▶ Task prompt: When you write out the listing, keep every word as it stands and drop the pictures.
※
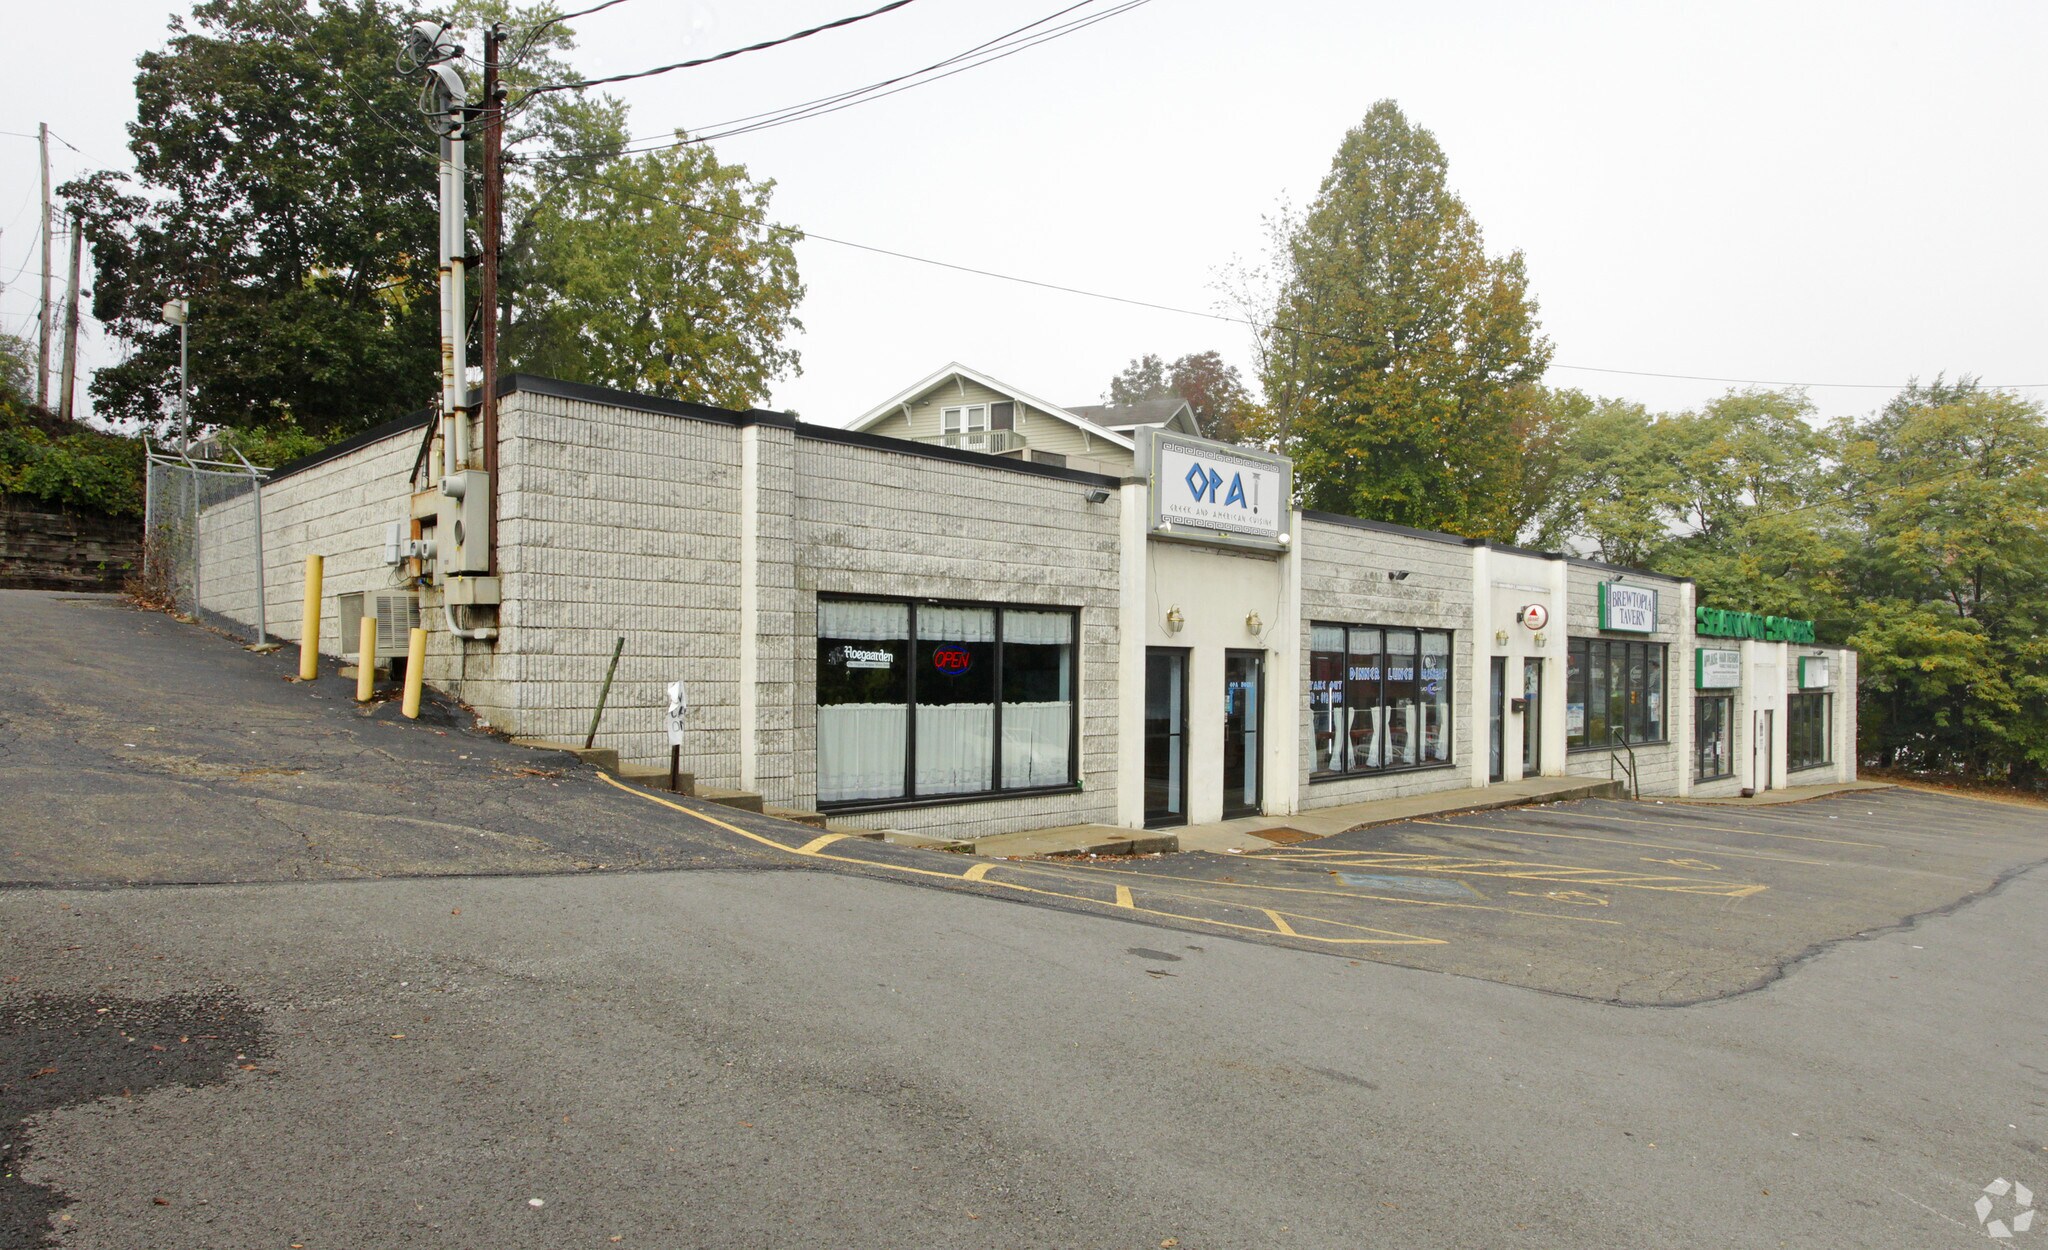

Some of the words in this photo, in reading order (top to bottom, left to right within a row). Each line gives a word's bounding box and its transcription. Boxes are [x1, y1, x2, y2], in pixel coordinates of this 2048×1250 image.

[1170, 504, 1191, 514] GREEK
[1213, 512, 1246, 523] AMERICAN
[1250, 517, 1272, 526] CUISINE
[1612, 591, 1652, 612] BREWTOPIA
[1620, 608, 1645, 625] TAVERN
[844, 645, 893, 662] Hoegaarden
[934, 651, 970, 668] OPEN
[1349, 667, 1380, 680] DINNER
[1388, 667, 1413, 680] LUNCH
※
▶ Worked solution:
Some of the words in this photo, in reading order (top to bottom, left to right within a row). Each line gives a word's bounding box and its transcription. Boxes are [x1, y1, x2, y2], in pixel coordinates of this 2048×1250 image.

[1170, 504, 1191, 514] GREEK
[1213, 512, 1246, 523] AMERICAN
[1250, 517, 1272, 526] CUISINE
[1612, 591, 1652, 612] BREWTOPIA
[1620, 608, 1645, 625] TAVERN
[844, 645, 893, 662] Hoegaarden
[934, 651, 970, 668] OPEN
[1349, 667, 1380, 680] DINNER
[1388, 667, 1413, 680] LUNCH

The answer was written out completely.